Netflix raises prices, adds more streaming content

Netflix has announced an increase in the price of monthly subscriptions, which is no surprise, given the popularity of the firm's video on demand service. With Netflix subscribers using 20% of the nation's bandwidth every evening, Netflix needs some way to pay for all that bandwidth. The company has also added a $7.99/month streaming only subscriptions--you can't get any DVDs.

That might be fine with some folks. Since we started using the streaming service, the number of DVDs we watch has fallen dramatically. Watch next for big changes from the content owners, who have been making a fortune on DVDs for the last fifteen years, but the DVD era is just about over. There will be wailing and gnashing of teeth by the TV and movie studios, but in the end, they will make a lot more money by aggressively licensing everything they own for streaming. The truly awful new copyright law is a last ditch attempt by the RIAA and other big copyright advocates to prevent intellectual property theft (e.g. illegal file sharing). But the new law gives the Federal government the ability to shut down ANY Web site arbitrarily simply if an accusation of copyright infringement is made--in other words, without due process. This will inevitably lead to abuse.
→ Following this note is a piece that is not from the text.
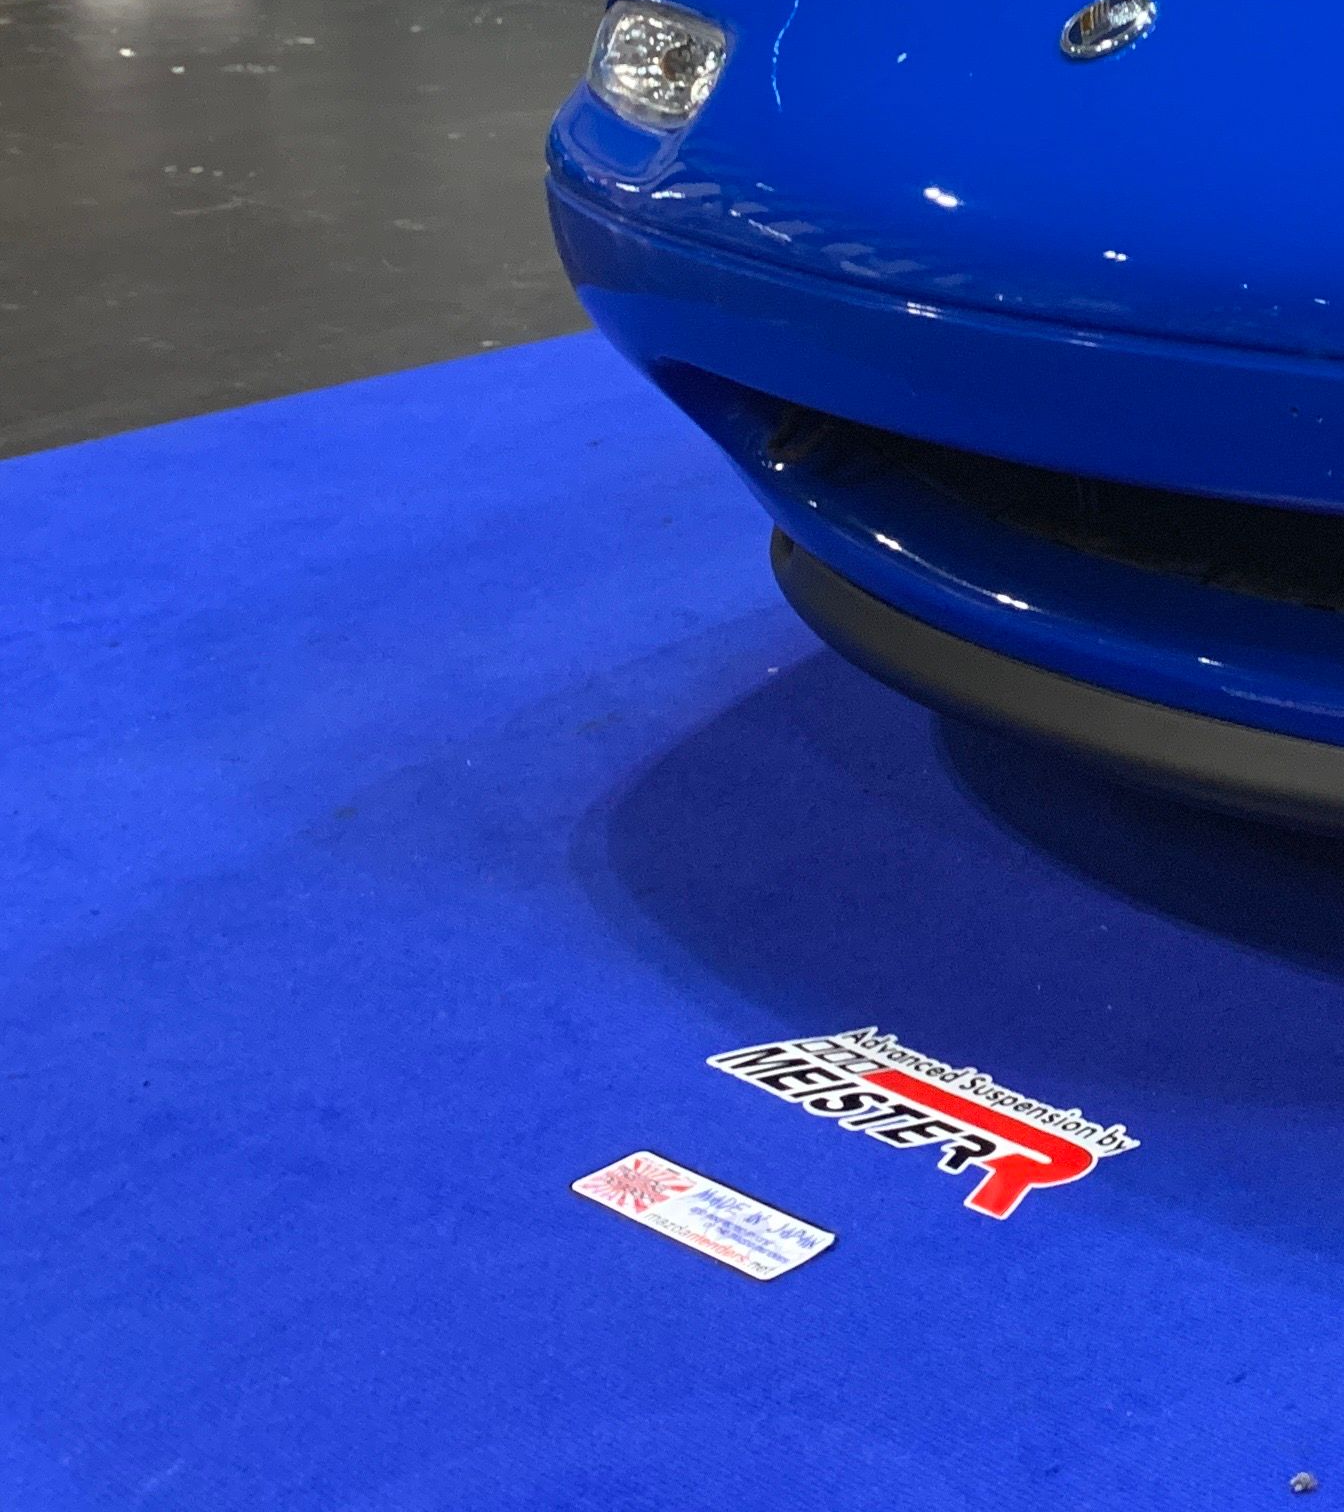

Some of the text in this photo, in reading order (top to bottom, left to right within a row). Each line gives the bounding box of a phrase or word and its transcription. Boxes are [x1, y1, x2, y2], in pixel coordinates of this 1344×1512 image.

[845, 1028, 1131, 1154] Advanced Suspension by
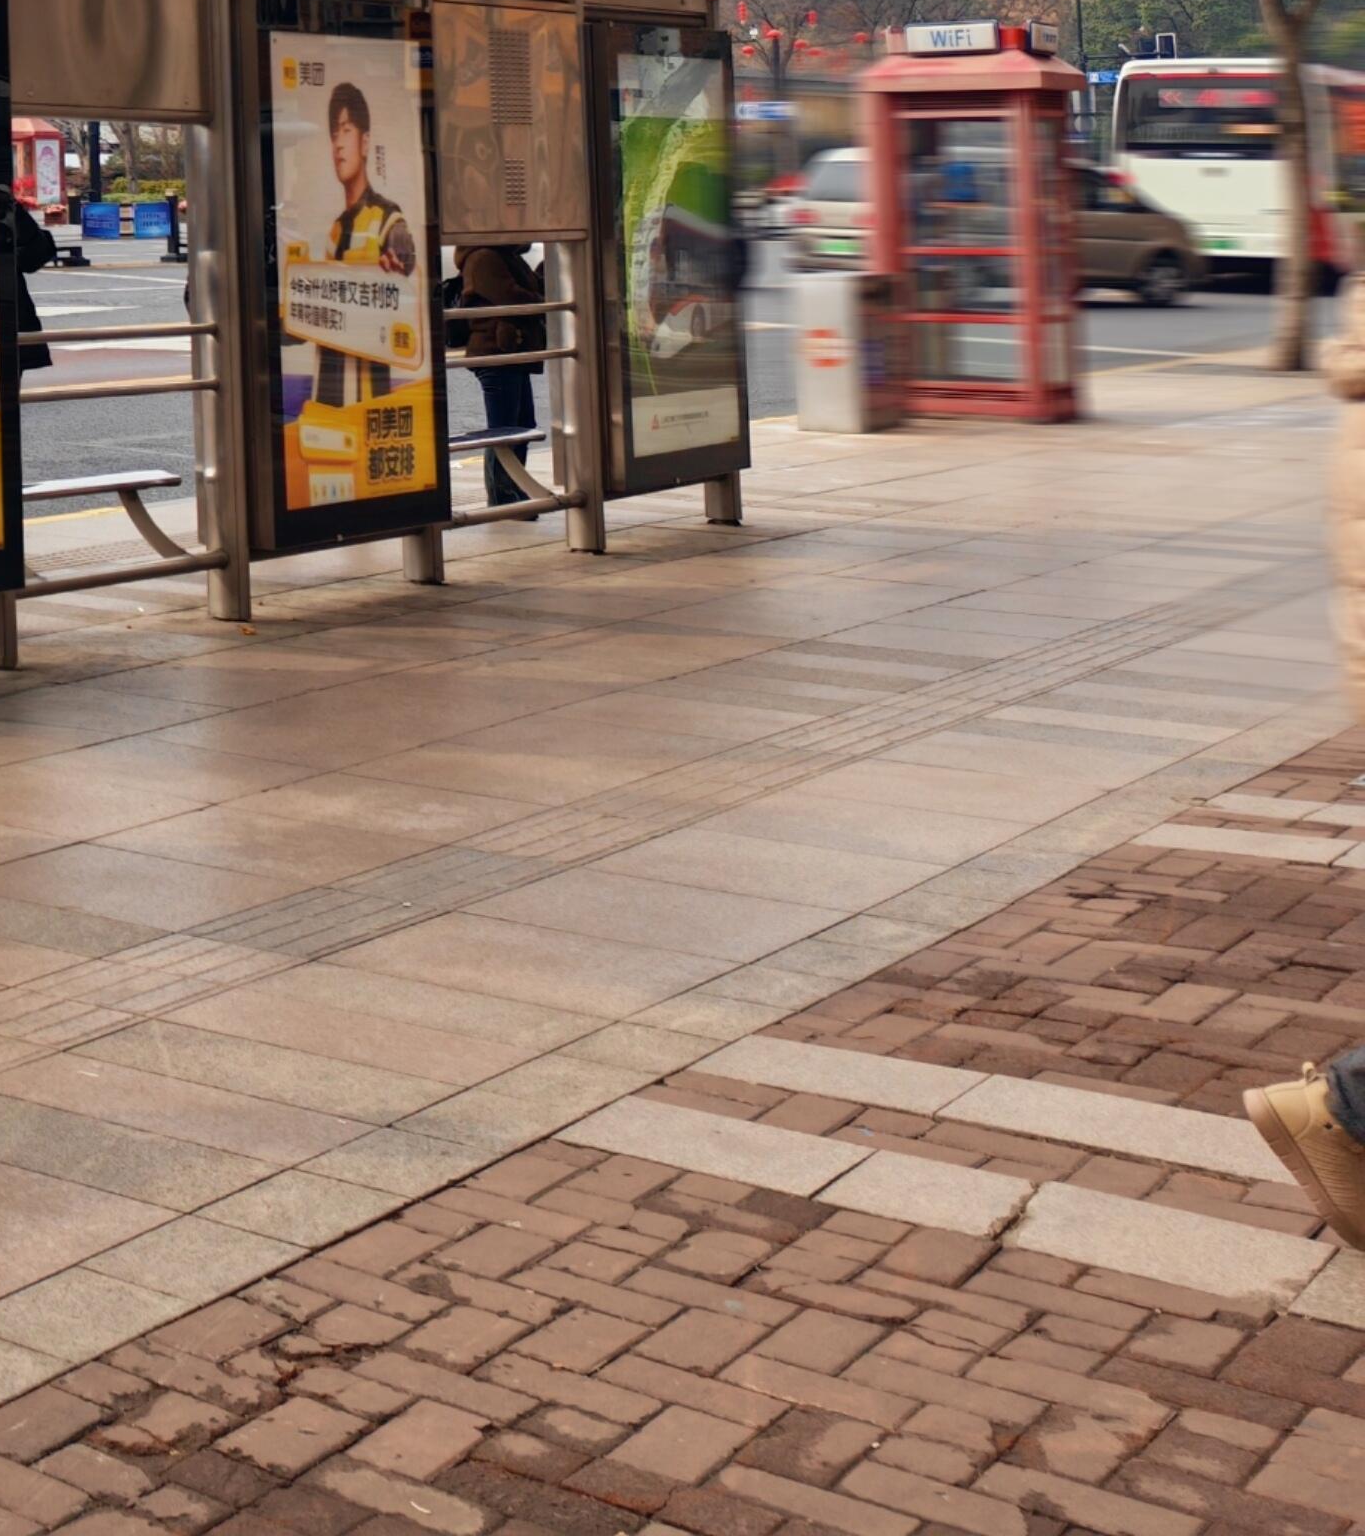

I've maintained for many years that the supposed cost of pirated material is overblown by the industry. People that steal music and video recordings, for the most part, would never have actually paid for them in the first place, so the inflated loss of revenue reports are just that--inflated. It's easy to find someone bragging about all the music they have acquired illegally, but they never would have bought it all. And most people are honest; if a product or service is fairly priced, most people prefer to pay for it. The idea of an entire industry starting from the premise that "all are customers, every single one of them, is a crook" has struck me as a bit strange. It's much like the current approach to airport screening: the TSA starts from the assumption that everyone, including the elderly, the infirm, and three year olds, are terrorists. Surely we can do better. And in fact, the huge success of online digital media services like the iTunes store proves that a lot of people are happy to pay fair prices for digital media.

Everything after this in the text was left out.